**Your goal**:
Return the whole listing exactly as it stands.

**Input records**:

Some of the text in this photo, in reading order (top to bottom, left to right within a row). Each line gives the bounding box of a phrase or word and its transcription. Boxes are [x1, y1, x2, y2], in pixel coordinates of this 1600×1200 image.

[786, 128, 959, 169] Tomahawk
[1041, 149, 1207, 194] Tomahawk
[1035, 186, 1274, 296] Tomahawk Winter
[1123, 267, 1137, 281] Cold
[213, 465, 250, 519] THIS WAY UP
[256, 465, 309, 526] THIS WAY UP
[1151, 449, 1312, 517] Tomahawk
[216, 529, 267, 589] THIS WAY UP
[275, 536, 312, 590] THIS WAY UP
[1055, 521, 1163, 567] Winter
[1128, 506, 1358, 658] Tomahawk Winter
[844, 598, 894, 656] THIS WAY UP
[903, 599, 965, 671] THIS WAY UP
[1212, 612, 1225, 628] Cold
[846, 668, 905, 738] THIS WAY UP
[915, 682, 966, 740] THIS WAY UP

**Solution to this problem**:
Some of the text in this photo, in reading order (top to bottom, left to right within a row). Each line gives the bounding box of a phrase or word and its transcription. Boxes are [x1, y1, x2, y2], in pixel coordinates of this 1600×1200 image.

[786, 128, 959, 169] Tomahawk
[1041, 149, 1207, 194] Tomahawk
[1035, 186, 1274, 296] Tomahawk Winter
[1123, 267, 1137, 281] Cold
[213, 465, 250, 519] THIS WAY UP
[256, 465, 309, 526] THIS WAY UP
[1151, 449, 1312, 517] Tomahawk
[216, 529, 267, 589] THIS WAY UP
[275, 536, 312, 590] THIS WAY UP
[1055, 521, 1163, 567] Winter
[1128, 506, 1358, 658] Tomahawk Winter
[844, 598, 894, 656] THIS WAY UP
[903, 599, 965, 671] THIS WAY UP
[1212, 612, 1225, 628] Cold
[846, 668, 905, 738] THIS WAY UP
[915, 682, 966, 740] THIS WAY UP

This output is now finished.